Professional Summary

Dedicated firefighter with experience protecting lives, property and the community from various emergencies. Proven track record of responding efficiently to fire incidents, performing rescues and providing emergency medical services. Adept at coordinating with team members and implementing effective fire prevention strategies. Committed to continuous training and development to ensure optimal preparedness for any emergency.

Work History

January 2022 – Current
Orange County Government – Orlando, FL
Fire Lieutenant

  • Oversee daily operations of a firefighting crew of 10, ensuring proper equipment maintenance and readiness for emergency responses.
  • Implement a new training program that resulted in a 20% improvement in team members’ response times during simulated drills.
  • Acted as incident commander for a major wildfire, successfully coordinating efforts with multiple agencies and containing the fire within record time.

September 2017 – December 2021
Orange County Government – Orlando, FL

  • Successfully responded to over 200 emergency calls, demonstrating quick thinking and effective decision-making in high-pressure situations.
  • Conducted regular fire safety inspections and implemented preventive measures, resulting in a 15% decrease in fire incidents within the district.
  • Collaborated with local schools to conduct fire safety education programs, reaching over 500 students annually.

June 2015 – August 2017
American Ambulance – Orlando, FL
Emergency Medical Technician (EMT)

  • Responded to medical emergencies and provided pre-hospital care, managing critical situations with a 90% success rate in stabilizing patients before transport.
  • Maintained and updated medical equipment, ensuring compliance with safety standards and protocols.
  • Collaborated with local health care providers to enhance community health initiatives, conducting CPR and first aid training for community members.


  • Fire suppression
  • Emergency medical services
  • Incident Command System (ICS)
  • Hazardous materials handling
  • Search and rescue
  • Fire prevention and inspection
  • Teamwork and collaboration
  • Problem-solving


University of Florida Gainesville, Florida
Bachelor of Science Fire & Emergency Services


  • National Fire Academy (NFA) Certification – (Updated 2023)
  • International Fire Service Accreditation Congress (IFSAC) Certification – (Updated 2023)
  • Emergency Medical Technician (EMT) Certification – (2022)

5 essentials of a top resume for a firefighter

  1. Contact details

    Add your contact information to the top of your resume so hiring managers can contact you. As our firefighter resume example shows, your contact information must include your full name, city, state, ZIP code, phone number and professional email address. If you have a LinkedIn profile and a professional website, add them last.

  2. Professional summary

    A professional summary is a concise, three-to-five-sentence statement that tells the hiring manager who you are and what you offer. A good firefighter resume summary includes job-relevant skills and it should touch on how long you’ve been in the industry. If you are just starting in your career, it’s better to write a firefighter resume objective instead. 
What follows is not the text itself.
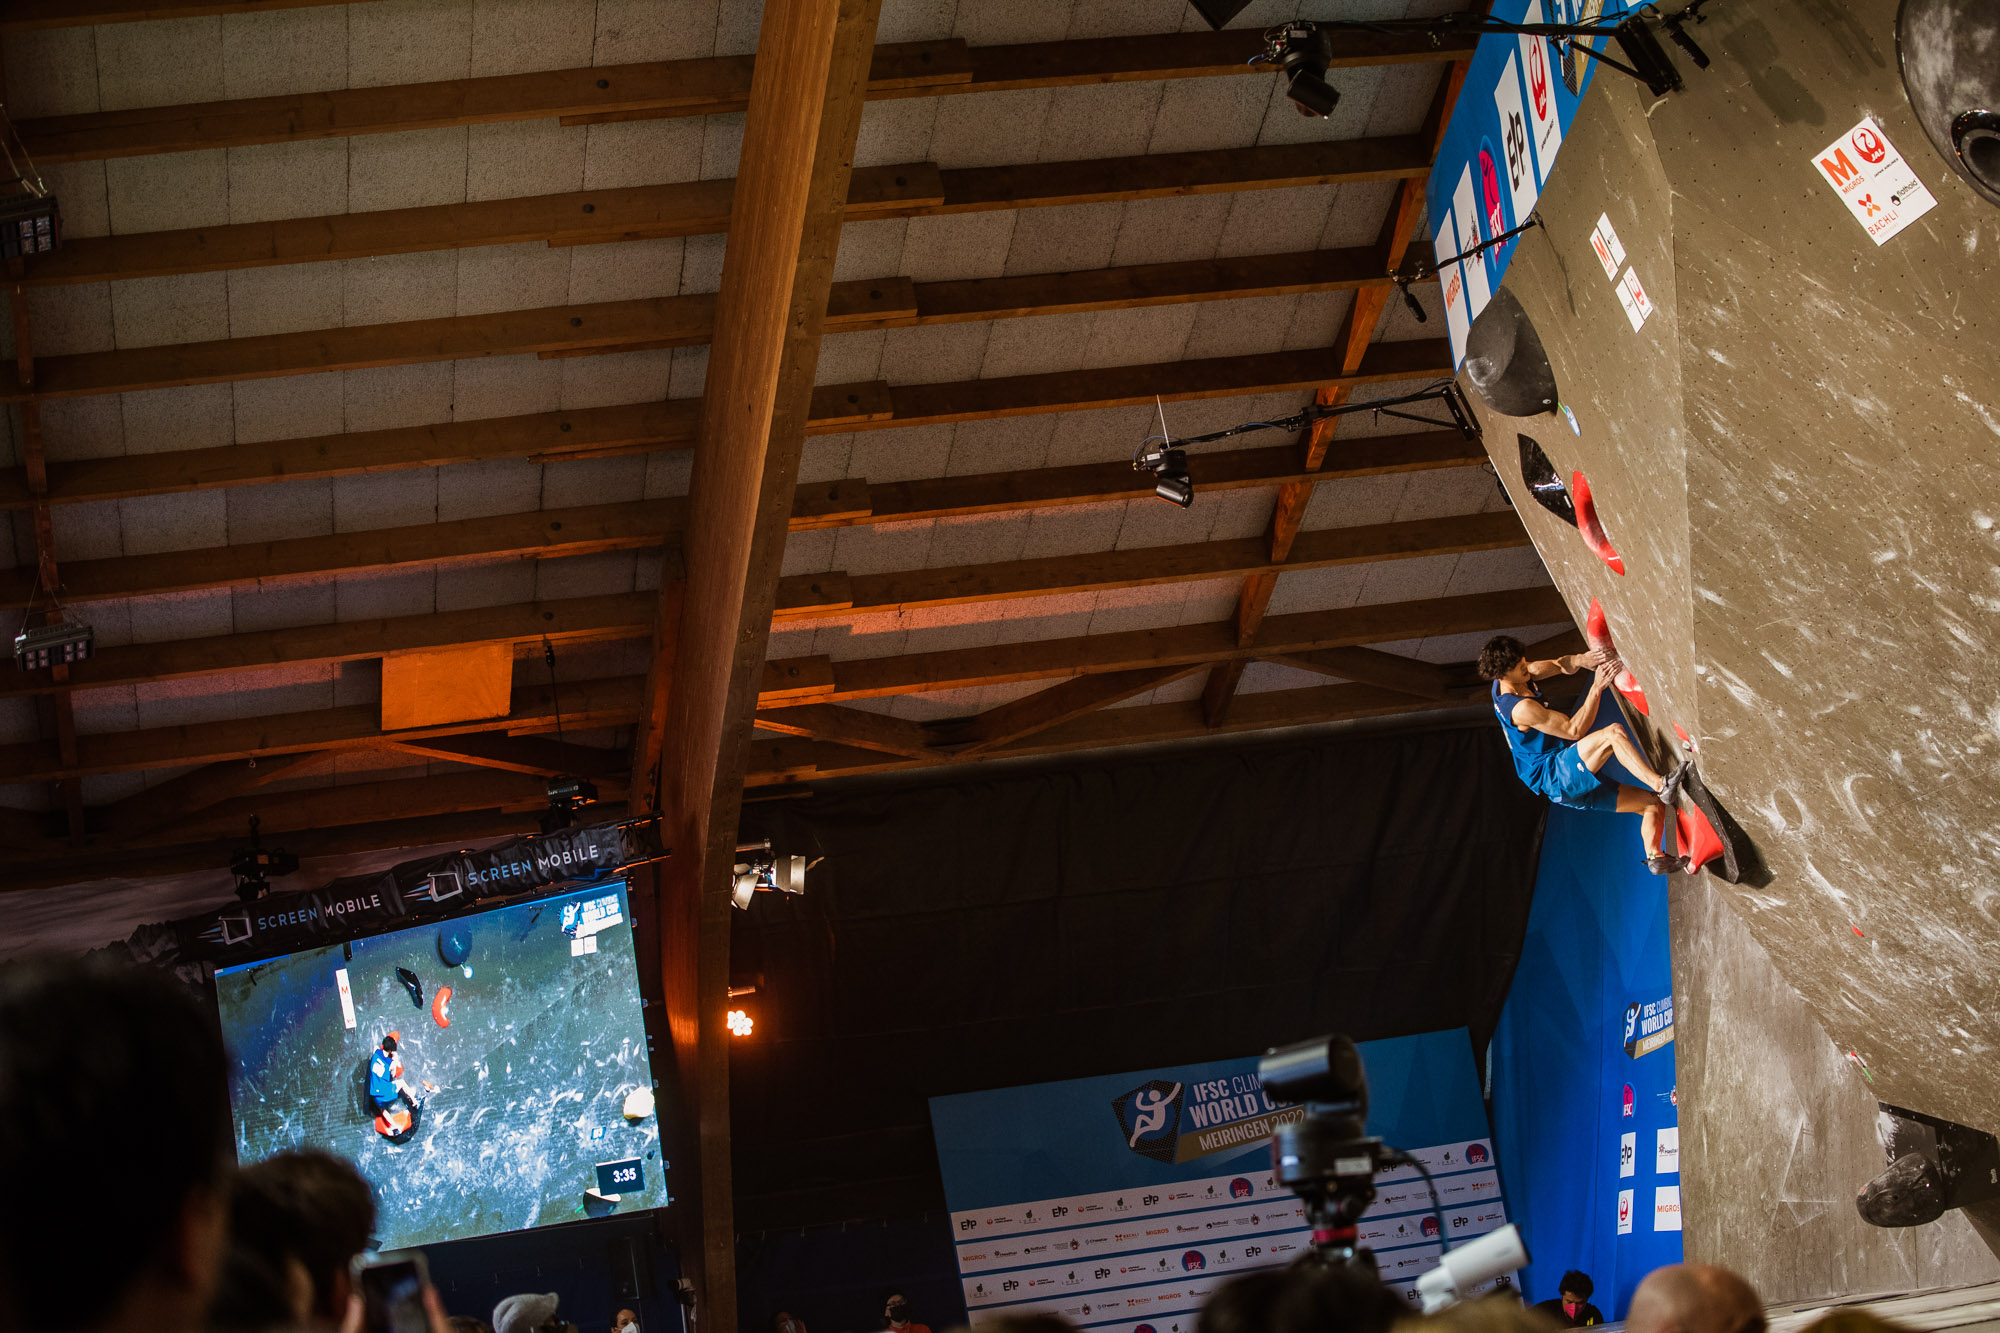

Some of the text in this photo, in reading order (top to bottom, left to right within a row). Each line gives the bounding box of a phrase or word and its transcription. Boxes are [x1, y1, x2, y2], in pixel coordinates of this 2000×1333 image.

    Here’s an example of a strong firefighter resume summary:

    Dedicated and experienced firefighter with over five years of experience responding to emergencies and protecting communities. Proven track record of effectively managing and extinguishing fires, providing medical assistance and conducting rescue operations. Skilled in operating firefighting equipment and maintaining a calm and organized approach in high-pressure situations. Possess strong physical endurance and the ability to work well in a team. Committed to continuously improving skills and staying updated on the latest firefighting techniques. Seeking a challenging role as a firefighter to utilize my skills and experience in serving and protecting the community.

  3. Skills

    Create a skills section for your firefighter resume so hiring managers can see if your skill set matches their needs. A firefighter resume template will have a separate section for your job-relevant skills in a bulleted list. As our sample firefighter resume shows, skills for a firefighter resume include a mix of hard and soft skills such as navigation and time management.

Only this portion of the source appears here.